Instructions for the task:
Your response should be an exact transcription of the data, images excluded.

Referring expression grounding data:
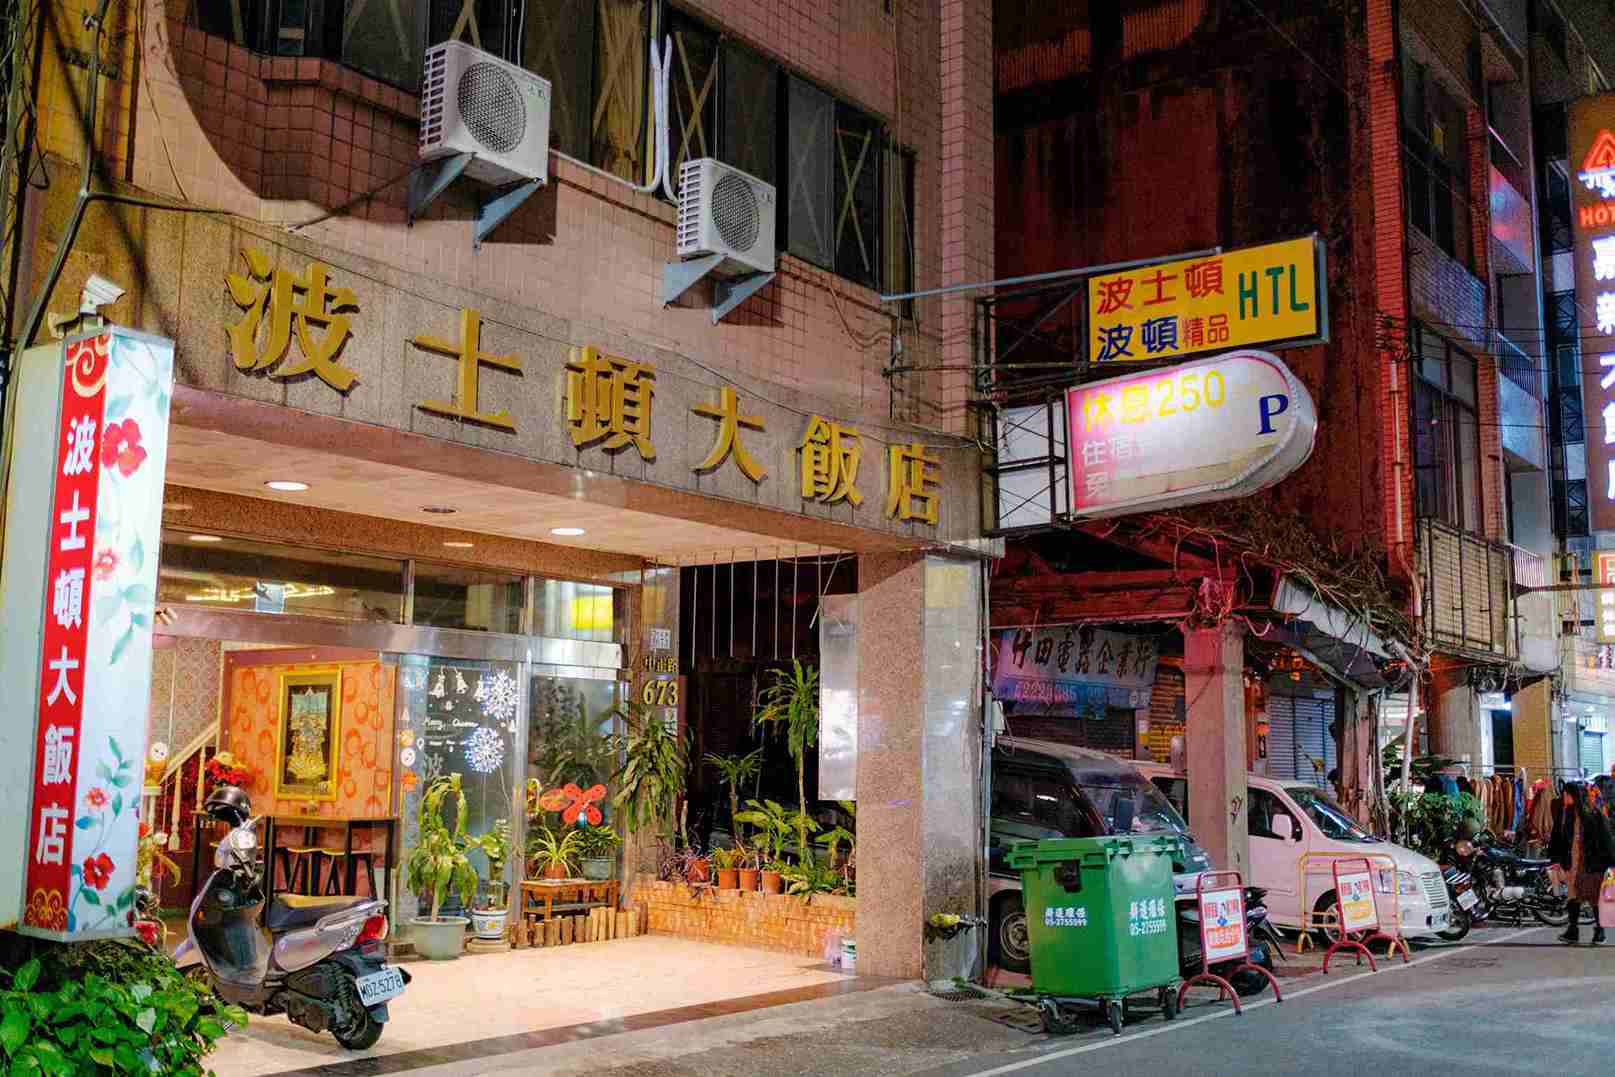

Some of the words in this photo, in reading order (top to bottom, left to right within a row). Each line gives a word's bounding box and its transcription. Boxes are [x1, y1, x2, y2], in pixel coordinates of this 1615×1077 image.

[1097, 259, 1225, 314] 波士頓
[1238, 264, 1310, 321] HTL
[224, 247, 940, 525] 波士頓大飯店
[1256, 393, 1289, 436] P
[36, 415, 96, 866] 波士頓大飯店
[643, 679, 679, 705] 673

Output for this task:
Some of the words in this photo, in reading order (top to bottom, left to right within a row). Each line gives a word's bounding box and its transcription. Boxes are [x1, y1, x2, y2], in pixel coordinates of this 1615×1077 image.

[1097, 259, 1225, 314] 波士頓
[1238, 264, 1310, 321] HTL
[224, 247, 940, 525] 波士頓大飯店
[1256, 393, 1289, 436] P
[36, 415, 96, 866] 波士頓大飯店
[643, 679, 679, 705] 673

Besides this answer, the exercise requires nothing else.